I absolutely love my new major, but naturally I am curious about what I'm "missing" out on in my old major. Throughout the semester I would compare my work to that of my roommate's. Engineering classes were more straight-forward, black-and-white. The grading was objective – you either got the answer correct or you didn't (and even then you might get partial credit for correct work/formulas). I was used to having a homework assignment, followed by a quiz, followed by a test (wash, rinse, repeat).
There was a lot of math, science, and formulas. Even in high school, I was used to this style of class. If you did well on the tests, you did well in the class. One bad test could throw your whole GPA off.
This year, I experienced an entirely different style of class. In my new major, our portfolio will be key to getting a job in the future. Many of our classes are geared towards helping us build our design skills in various forms and medias. That being said, a majority of my classes are project-based. Instead of having tests and quizzes, our grades are based off of the projects we have completed throughout the year.
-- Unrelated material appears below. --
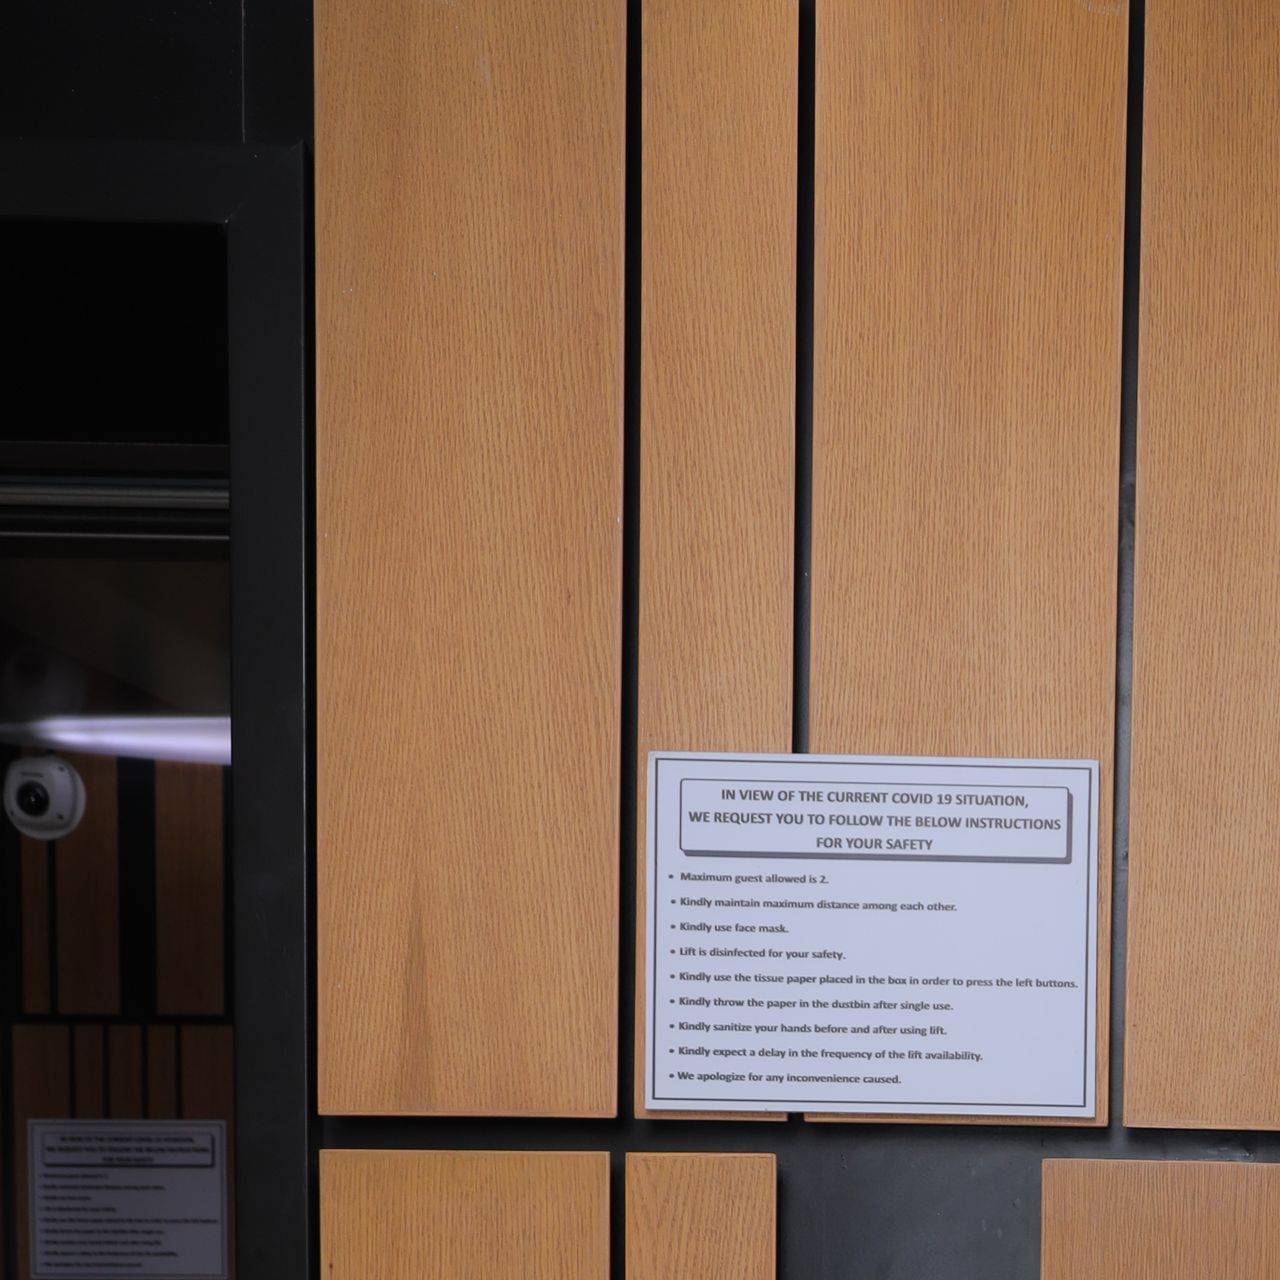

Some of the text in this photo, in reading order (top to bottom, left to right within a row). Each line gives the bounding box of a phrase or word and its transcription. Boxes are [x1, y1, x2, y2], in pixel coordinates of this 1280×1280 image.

A lot of my NMD homework consisted of sketching out multiple rough drafts for new projects, finishing the projects, and editing the projects. In drawing, I could spend up to 8 hours just on the rough draft. I would then bring in my work for critique, and spend another 8 hours (easily) fixing my drawing (or starting over, if necessary). I probably spent over 20 hours on one project only for my drawing class! In my civil program I would grind out math assignments and lab work week after week along with studying for quizzes and tests. My time was split between a lot of smaller tasks, whereas in NMD I sink many hours into creating and finishing a single project.
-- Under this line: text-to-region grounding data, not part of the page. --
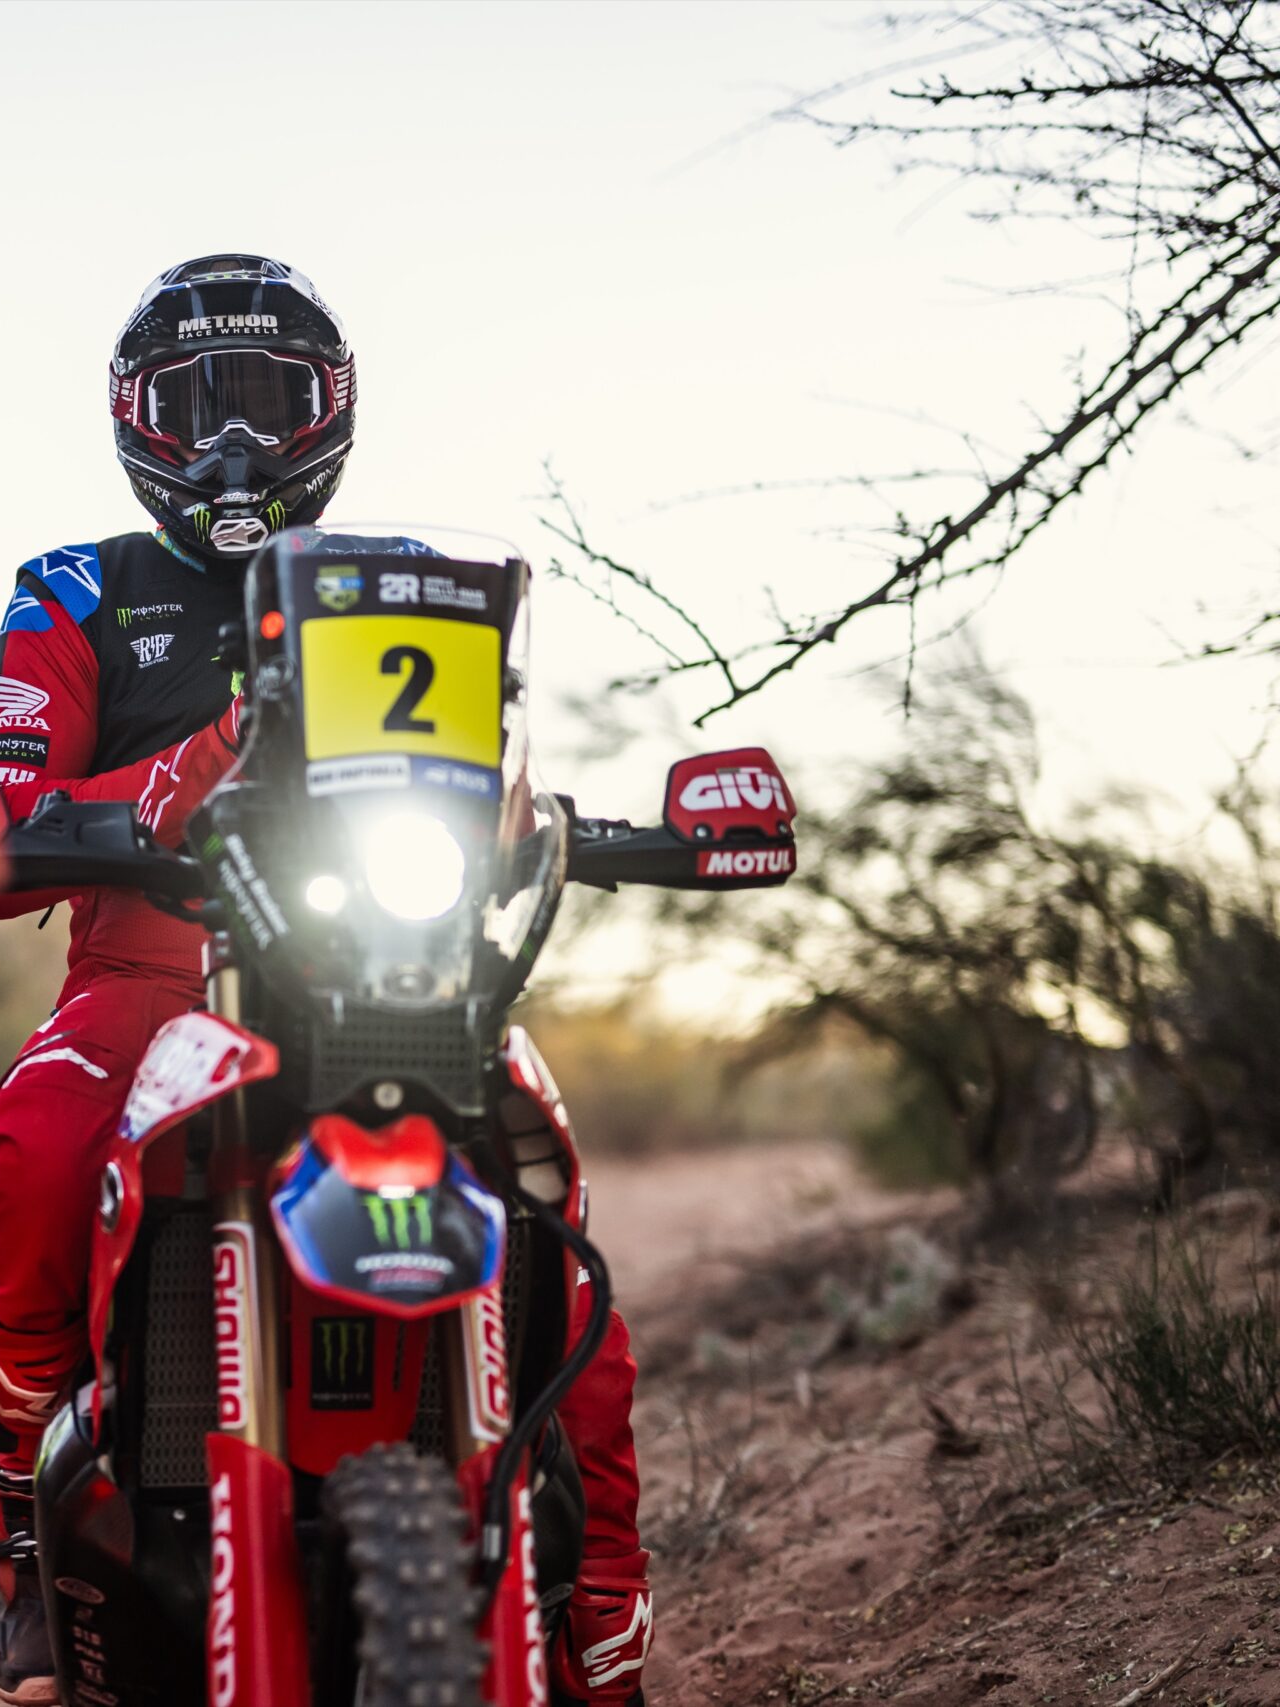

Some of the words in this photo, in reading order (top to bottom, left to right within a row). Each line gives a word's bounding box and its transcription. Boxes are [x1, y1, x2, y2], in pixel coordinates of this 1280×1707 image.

[178, 314, 278, 333] METHOD
[178, 329, 212, 340] RACE
[221, 327, 279, 335] WHEELS
[131, 604, 184, 616] MONSTER
[379, 645, 436, 735] 2
[678, 772, 788, 812] GIVI
[706, 851, 792, 875] MOTUL
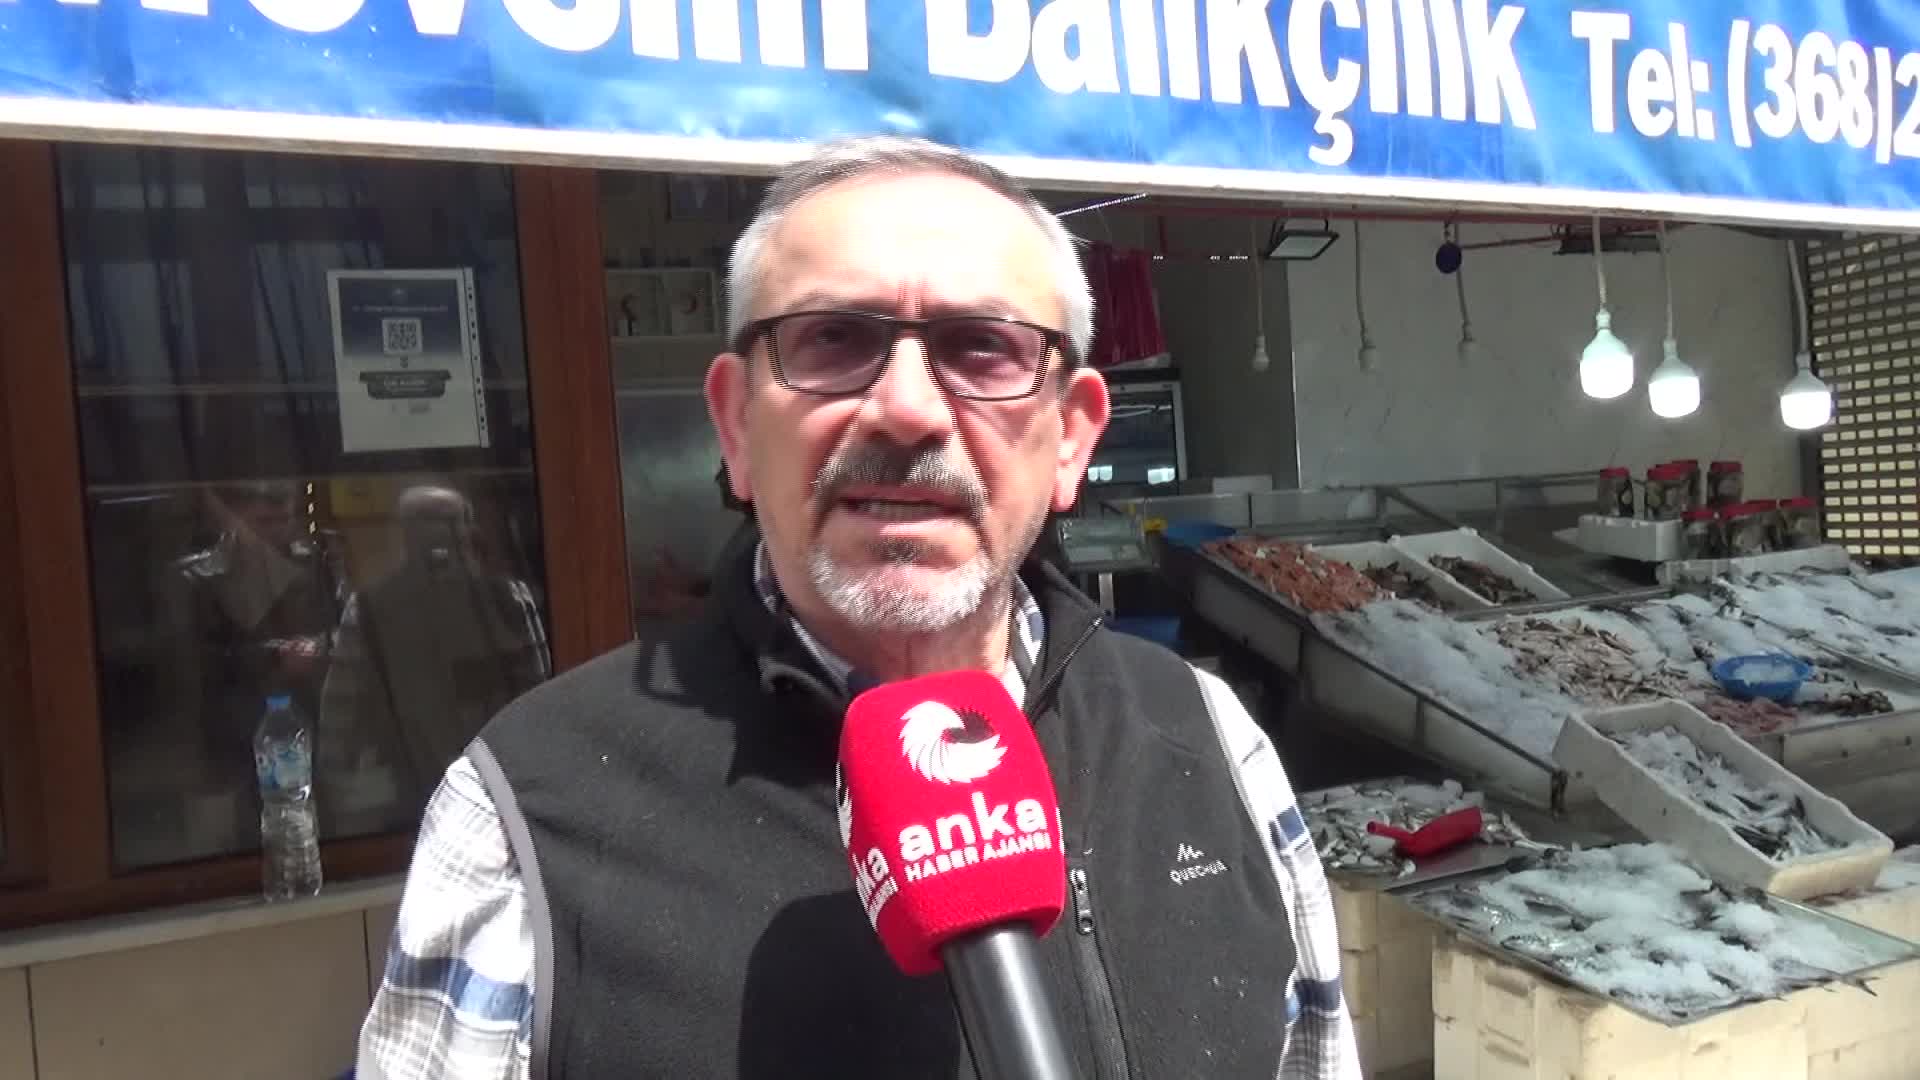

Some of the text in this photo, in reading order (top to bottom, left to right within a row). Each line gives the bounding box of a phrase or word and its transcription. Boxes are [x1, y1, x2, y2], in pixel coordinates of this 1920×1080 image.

[1571, 10, 1716, 141] Tel:
[898, 790, 1048, 863] anka
[904, 832, 1052, 882] HABER AJANSI
[1169, 860, 1229, 886] QUECHUA
Finals week this past semester was also quite different from what I was used to. Instead of having 5 or 6 actual final exams (short answers, math problems, multiple choice, etc.), I only had 1 actual test and the rest were all projects. These final projects had been announced well before finals week, giving us time to work on them inside and out of class. Two of my final projects were due on the last day of classes, before the official start of finals week. I found finals week this year so much easier and less stressful. Last year I was cramming for a test in every class. This year I had worked hard to finish as much of my projects during classes so I could get feedback, so most of them only needed minor changes and edits during finals.
Interactive Algebraic Problem Solving (an intro to coding) was one of my only classes with a final exam. Like the midterm, there was a written test portion and a practical portion of the exam (code on the spot). Our projects throughout the year helped to relieve the pressure of a pass/fail test grade, but I still spent a lot of time studying and cramming for that final exam.
I must admit, I would prefer final projects over final tests any day. I remember studying for hours and hours each day leading up to finals. It would be frustrating if I looked over a wide range of topics for a particular test and focused in on areas that weren't as heavily tested on. Granted, I do enjoy my new major a lot more and would gladly spend more time working on projects than I would have to study for engineering. Everyone's learning style is different, so see what works best for you if you're torn between two programs!